Conseguir o justo equilíbrio entre fins e meios é
difícil e importante. Se nos ocuparmos em dar ênfase
aos meios, devemos observar que a diferença entre um homem
civilizado e um selvagem consiste muitíssimo numa diferença
quanto ao peso atribuído a fins e meios na sua conduta.
Um homem civilizado faz seguro de vida, um selvagem, não.
A previdência, que implica fazer coisas desagradáveis,
agora, em favor de coisa agradáveis, no futuro, é
uma das características do desenvolvimento mental. Uma
vez que a previdência é difícil e exige controle
dos impulsos, os moralistas acentuam a sua necessidade e dão
mais ênfase à virtude do sacrifício presente
do que às excelências da recompensa subsequente.
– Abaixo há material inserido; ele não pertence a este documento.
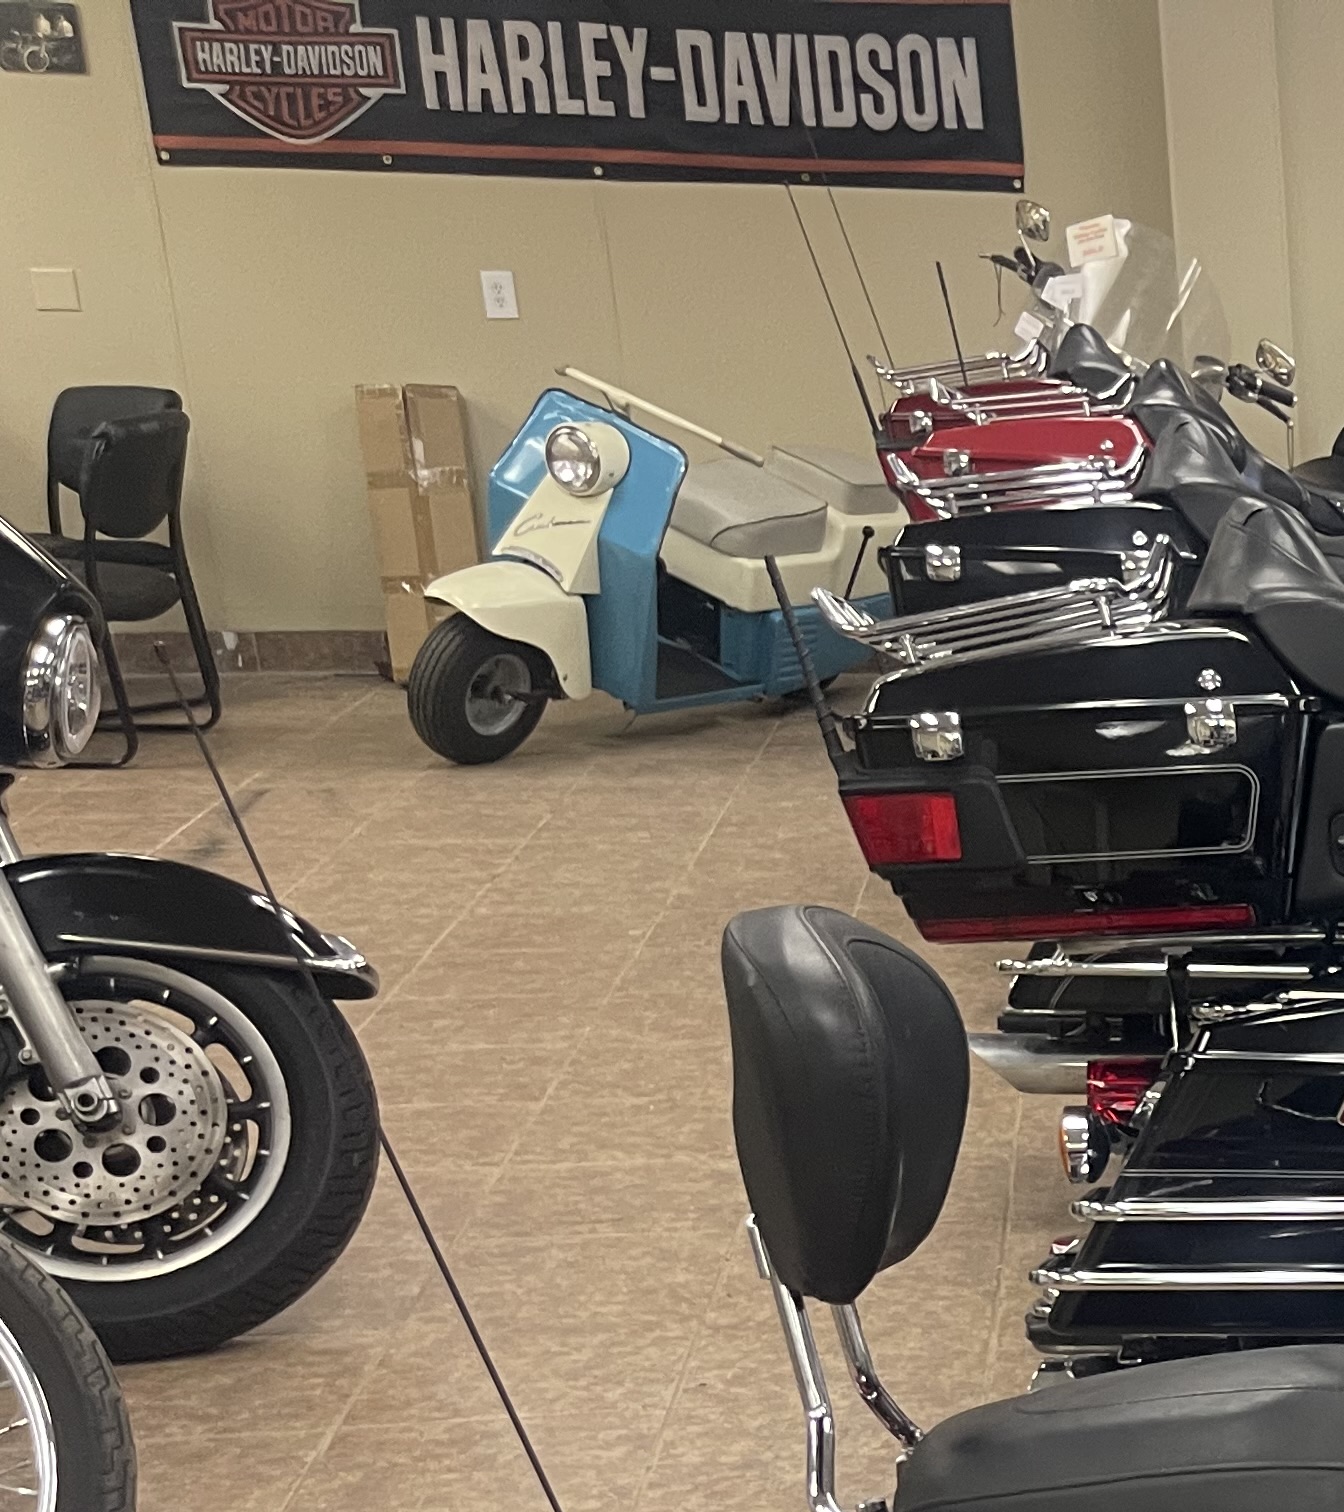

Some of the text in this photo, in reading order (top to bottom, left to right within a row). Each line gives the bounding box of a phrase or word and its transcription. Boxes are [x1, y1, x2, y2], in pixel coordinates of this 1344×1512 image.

Devemos agir corretamente porque é certo assim agir e não
à espera de recompensa, para ganhar o céu.
A pessoa que queira dar ênfase mais aos fins do que aos
meios pode apresentar argumentos com o mesmo teor de verdade.
É melancólico ver-se um rico homem de negócios
que, devido ao excesso de trabalho e aborrecimentos na juventude,
tornou-se dispéptico, de modo que só toma água
e come pão enquanto seus convivas se regalam. As alegrias
da riqueza que ele previu durante longos anos de canseira estão
frustadas. Sem alguma consciência dos fins, a vida se torna
vazia e descolorida.
As pessoas que se gabam de serem práticas são, na
maioria dos casos, preocupadas com os meios. Certa vez, levaram-me,
em Los Angeles, a visitar o bairro dos mexicanos. "Vagabundos
ociosos", disseram-se. Mas, para mim, eles pareciam estar
gozando a vida como uma dádiva. Muita gente nem sempre
se lembra de que política, economia e organização
social, em geral, pertencem ao reino dos meios e não dos
fins. Nosso pensamento político e social é propenso
à "falácia do administrador" -o hábito
de considerar a sociedade como um todo sistemático, que
se julga boa apenas quando é agradável de contemplar
como modelo de ordem, um organismo planejado com as partes devidamente
encaixadas uma nas outras.
Mas a sociedade não existe, ou pelo menos não deveria
existir, para satisfazer tão somente uma inspeção
externa, se não para proporcionar uma vida boa aos indivíduos
que a constituem.
É no indivíduo, e não no todo, que o valor
definitivo deve ser procurado. Uma sociedade boa é um meio
para uma vida boa, para aqueles que nela vivem, e não alguma
coisa que tenha qualidade distinta por si mesma.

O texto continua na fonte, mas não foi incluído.